→ What the task asks: Transcribe the records underneath word for word, and leave no line out.

(Extracted records)
↓↓↓

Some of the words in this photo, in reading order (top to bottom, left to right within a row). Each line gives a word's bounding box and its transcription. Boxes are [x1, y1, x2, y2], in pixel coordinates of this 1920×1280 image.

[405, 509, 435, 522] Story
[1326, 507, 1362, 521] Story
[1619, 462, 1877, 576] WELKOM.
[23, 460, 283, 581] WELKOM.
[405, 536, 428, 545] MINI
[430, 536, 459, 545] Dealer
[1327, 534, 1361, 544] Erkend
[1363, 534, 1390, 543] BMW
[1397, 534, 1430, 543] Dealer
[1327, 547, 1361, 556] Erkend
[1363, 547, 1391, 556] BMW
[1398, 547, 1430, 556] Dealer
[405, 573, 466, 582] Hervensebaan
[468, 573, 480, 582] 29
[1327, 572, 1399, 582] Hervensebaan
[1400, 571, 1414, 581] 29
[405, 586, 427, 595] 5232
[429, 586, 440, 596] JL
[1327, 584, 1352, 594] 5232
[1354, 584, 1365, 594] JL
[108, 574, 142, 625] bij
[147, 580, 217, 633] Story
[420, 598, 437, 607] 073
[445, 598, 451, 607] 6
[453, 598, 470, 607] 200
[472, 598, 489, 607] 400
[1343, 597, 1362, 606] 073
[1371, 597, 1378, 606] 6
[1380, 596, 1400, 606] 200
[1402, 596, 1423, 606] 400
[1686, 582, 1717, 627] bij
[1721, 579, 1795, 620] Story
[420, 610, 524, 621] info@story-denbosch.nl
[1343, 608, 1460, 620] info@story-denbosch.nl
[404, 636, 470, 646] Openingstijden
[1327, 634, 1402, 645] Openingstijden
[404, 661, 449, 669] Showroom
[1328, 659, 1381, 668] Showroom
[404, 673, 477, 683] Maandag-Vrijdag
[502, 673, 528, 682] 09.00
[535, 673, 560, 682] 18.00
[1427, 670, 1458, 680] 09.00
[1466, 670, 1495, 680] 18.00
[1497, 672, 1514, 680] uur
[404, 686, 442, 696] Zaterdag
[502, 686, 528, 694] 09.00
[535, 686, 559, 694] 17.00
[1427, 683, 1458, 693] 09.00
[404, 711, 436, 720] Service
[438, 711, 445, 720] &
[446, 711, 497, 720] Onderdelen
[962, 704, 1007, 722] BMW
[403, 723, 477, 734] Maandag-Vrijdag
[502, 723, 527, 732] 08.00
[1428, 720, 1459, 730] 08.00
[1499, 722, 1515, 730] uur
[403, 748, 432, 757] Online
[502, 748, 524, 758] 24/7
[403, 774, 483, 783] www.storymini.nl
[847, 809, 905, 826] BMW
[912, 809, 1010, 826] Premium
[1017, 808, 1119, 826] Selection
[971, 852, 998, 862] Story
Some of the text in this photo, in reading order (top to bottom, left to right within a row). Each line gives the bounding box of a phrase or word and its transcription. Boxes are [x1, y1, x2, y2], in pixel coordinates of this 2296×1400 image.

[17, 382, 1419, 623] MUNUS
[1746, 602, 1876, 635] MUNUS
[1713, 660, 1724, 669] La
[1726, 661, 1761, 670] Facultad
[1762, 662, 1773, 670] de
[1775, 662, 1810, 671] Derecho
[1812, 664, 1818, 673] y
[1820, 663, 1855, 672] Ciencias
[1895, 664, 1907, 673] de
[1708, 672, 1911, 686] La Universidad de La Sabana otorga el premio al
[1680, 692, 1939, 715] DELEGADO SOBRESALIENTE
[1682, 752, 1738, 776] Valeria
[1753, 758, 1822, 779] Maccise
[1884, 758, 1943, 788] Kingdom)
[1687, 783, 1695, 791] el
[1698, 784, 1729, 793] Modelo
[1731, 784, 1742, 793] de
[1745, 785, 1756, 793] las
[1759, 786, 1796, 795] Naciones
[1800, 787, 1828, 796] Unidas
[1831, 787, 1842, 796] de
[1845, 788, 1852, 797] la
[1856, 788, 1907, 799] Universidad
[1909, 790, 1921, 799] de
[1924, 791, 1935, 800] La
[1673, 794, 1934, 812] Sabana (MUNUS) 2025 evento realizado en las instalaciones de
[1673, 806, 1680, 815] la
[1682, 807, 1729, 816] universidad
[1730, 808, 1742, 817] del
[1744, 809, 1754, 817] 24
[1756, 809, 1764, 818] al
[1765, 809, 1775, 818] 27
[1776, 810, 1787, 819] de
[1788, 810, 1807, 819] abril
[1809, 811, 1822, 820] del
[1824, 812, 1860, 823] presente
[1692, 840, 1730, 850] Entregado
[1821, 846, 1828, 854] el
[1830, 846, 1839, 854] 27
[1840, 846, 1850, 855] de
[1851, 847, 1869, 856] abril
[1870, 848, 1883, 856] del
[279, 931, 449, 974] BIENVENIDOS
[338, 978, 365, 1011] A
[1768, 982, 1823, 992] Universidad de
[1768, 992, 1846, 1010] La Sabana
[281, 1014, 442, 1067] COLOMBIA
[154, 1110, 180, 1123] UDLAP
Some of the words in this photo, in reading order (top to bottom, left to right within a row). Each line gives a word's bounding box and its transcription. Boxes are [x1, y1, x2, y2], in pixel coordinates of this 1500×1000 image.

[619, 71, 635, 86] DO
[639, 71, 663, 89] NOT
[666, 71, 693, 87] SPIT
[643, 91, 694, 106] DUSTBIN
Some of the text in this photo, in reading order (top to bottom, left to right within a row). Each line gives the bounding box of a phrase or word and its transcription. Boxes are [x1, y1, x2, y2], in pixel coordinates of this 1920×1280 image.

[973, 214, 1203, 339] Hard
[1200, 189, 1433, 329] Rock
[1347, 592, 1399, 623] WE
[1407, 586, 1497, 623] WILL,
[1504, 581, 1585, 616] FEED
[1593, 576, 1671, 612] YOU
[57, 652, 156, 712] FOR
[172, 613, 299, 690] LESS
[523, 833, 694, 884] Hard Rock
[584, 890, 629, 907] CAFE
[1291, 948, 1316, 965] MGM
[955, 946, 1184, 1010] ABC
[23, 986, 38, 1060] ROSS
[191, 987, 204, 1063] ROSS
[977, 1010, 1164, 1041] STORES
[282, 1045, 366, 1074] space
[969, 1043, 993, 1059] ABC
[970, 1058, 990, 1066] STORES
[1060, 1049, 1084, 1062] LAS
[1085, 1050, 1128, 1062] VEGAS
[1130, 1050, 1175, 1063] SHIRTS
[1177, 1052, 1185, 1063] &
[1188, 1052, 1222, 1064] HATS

↑↑↑

→ Task response:
Some of the words in this photo, in reading order (top to bottom, left to right within a row). Each line gives a word's bounding box and its transcription. Boxes are [x1, y1, x2, y2], in pixel coordinates of this 1920×1280 image.

[405, 509, 435, 522] Story
[1326, 507, 1362, 521] Story
[1619, 462, 1877, 576] WELKOM.
[23, 460, 283, 581] WELKOM.
[405, 536, 428, 545] MINI
[430, 536, 459, 545] Dealer
[1327, 534, 1361, 544] Erkend
[1363, 534, 1390, 543] BMW
[1397, 534, 1430, 543] Dealer
[1327, 547, 1361, 556] Erkend
[1363, 547, 1391, 556] BMW
[1398, 547, 1430, 556] Dealer
[405, 573, 466, 582] Hervensebaan
[468, 573, 480, 582] 29
[1327, 572, 1399, 582] Hervensebaan
[1400, 571, 1414, 581] 29
[405, 586, 427, 595] 5232
[429, 586, 440, 596] JL
[1327, 584, 1352, 594] 5232
[1354, 584, 1365, 594] JL
[108, 574, 142, 625] bij
[147, 580, 217, 633] Story
[420, 598, 437, 607] 073
[445, 598, 451, 607] 6
[453, 598, 470, 607] 200
[472, 598, 489, 607] 400
[1343, 597, 1362, 606] 073
[1371, 597, 1378, 606] 6
[1380, 596, 1400, 606] 200
[1402, 596, 1423, 606] 400
[1686, 582, 1717, 627] bij
[1721, 579, 1795, 620] Story
[420, 610, 524, 621] info@story-denbosch.nl
[1343, 608, 1460, 620] info@story-denbosch.nl
[404, 636, 470, 646] Openingstijden
[1327, 634, 1402, 645] Openingstijden
[404, 661, 449, 669] Showroom
[1328, 659, 1381, 668] Showroom
[404, 673, 477, 683] Maandag-Vrijdag
[502, 673, 528, 682] 09.00
[535, 673, 560, 682] 18.00
[1427, 670, 1458, 680] 09.00
[1466, 670, 1495, 680] 18.00
[1497, 672, 1514, 680] uur
[404, 686, 442, 696] Zaterdag
[502, 686, 528, 694] 09.00
[535, 686, 559, 694] 17.00
[1427, 683, 1458, 693] 09.00
[404, 711, 436, 720] Service
[438, 711, 445, 720] &
[446, 711, 497, 720] Onderdelen
[962, 704, 1007, 722] BMW
[403, 723, 477, 734] Maandag-Vrijdag
[502, 723, 527, 732] 08.00
[1428, 720, 1459, 730] 08.00
[1499, 722, 1515, 730] uur
[403, 748, 432, 757] Online
[502, 748, 524, 758] 24/7
[403, 774, 483, 783] www.storymini.nl
[847, 809, 905, 826] BMW
[912, 809, 1010, 826] Premium
[1017, 808, 1119, 826] Selection
[971, 852, 998, 862] Story
Some of the text in this photo, in reading order (top to bottom, left to right within a row). Each line gives the bounding box of a phrase or word and its transcription. Boxes are [x1, y1, x2, y2], in pixel coordinates of this 2296×1400 image.

[17, 382, 1419, 623] MUNUS
[1746, 602, 1876, 635] MUNUS
[1713, 660, 1724, 669] La
[1726, 661, 1761, 670] Facultad
[1762, 662, 1773, 670] de
[1775, 662, 1810, 671] Derecho
[1812, 664, 1818, 673] y
[1820, 663, 1855, 672] Ciencias
[1895, 664, 1907, 673] de
[1708, 672, 1911, 686] La Universidad de La Sabana otorga el premio al
[1680, 692, 1939, 715] DELEGADO SOBRESALIENTE
[1682, 752, 1738, 776] Valeria
[1753, 758, 1822, 779] Maccise
[1884, 758, 1943, 788] Kingdom)
[1687, 783, 1695, 791] el
[1698, 784, 1729, 793] Modelo
[1731, 784, 1742, 793] de
[1745, 785, 1756, 793] las
[1759, 786, 1796, 795] Naciones
[1800, 787, 1828, 796] Unidas
[1831, 787, 1842, 796] de
[1845, 788, 1852, 797] la
[1856, 788, 1907, 799] Universidad
[1909, 790, 1921, 799] de
[1924, 791, 1935, 800] La
[1673, 794, 1934, 812] Sabana (MUNUS) 2025 evento realizado en las instalaciones de
[1673, 806, 1680, 815] la
[1682, 807, 1729, 816] universidad
[1730, 808, 1742, 817] del
[1744, 809, 1754, 817] 24
[1756, 809, 1764, 818] al
[1765, 809, 1775, 818] 27
[1776, 810, 1787, 819] de
[1788, 810, 1807, 819] abril
[1809, 811, 1822, 820] del
[1824, 812, 1860, 823] presente
[1692, 840, 1730, 850] Entregado
[1821, 846, 1828, 854] el
[1830, 846, 1839, 854] 27
[1840, 846, 1850, 855] de
[1851, 847, 1869, 856] abril
[1870, 848, 1883, 856] del
[279, 931, 449, 974] BIENVENIDOS
[338, 978, 365, 1011] A
[1768, 982, 1823, 992] Universidad de
[1768, 992, 1846, 1010] La Sabana
[281, 1014, 442, 1067] COLOMBIA
[154, 1110, 180, 1123] UDLAP
Some of the words in this photo, in reading order (top to bottom, left to right within a row). Each line gives a word's bounding box and its transcription. Boxes are [x1, y1, x2, y2], in pixel coordinates of this 1500×1000 image.

[619, 71, 635, 86] DO
[639, 71, 663, 89] NOT
[666, 71, 693, 87] SPIT
[643, 91, 694, 106] DUSTBIN
Some of the text in this photo, in reading order (top to bottom, left to right within a row). Each line gives the bounding box of a phrase or word and its transcription. Boxes are [x1, y1, x2, y2], in pixel coordinates of this 1920×1280 image.

[973, 214, 1203, 339] Hard
[1200, 189, 1433, 329] Rock
[1347, 592, 1399, 623] WE
[1407, 586, 1497, 623] WILL,
[1504, 581, 1585, 616] FEED
[1593, 576, 1671, 612] YOU
[57, 652, 156, 712] FOR
[172, 613, 299, 690] LESS
[523, 833, 694, 884] Hard Rock
[584, 890, 629, 907] CAFE
[1291, 948, 1316, 965] MGM
[955, 946, 1184, 1010] ABC
[23, 986, 38, 1060] ROSS
[191, 987, 204, 1063] ROSS
[977, 1010, 1164, 1041] STORES
[282, 1045, 366, 1074] space
[969, 1043, 993, 1059] ABC
[970, 1058, 990, 1066] STORES
[1060, 1049, 1084, 1062] LAS
[1085, 1050, 1128, 1062] VEGAS
[1130, 1050, 1175, 1063] SHIRTS
[1177, 1052, 1185, 1063] &
[1188, 1052, 1222, 1064] HATS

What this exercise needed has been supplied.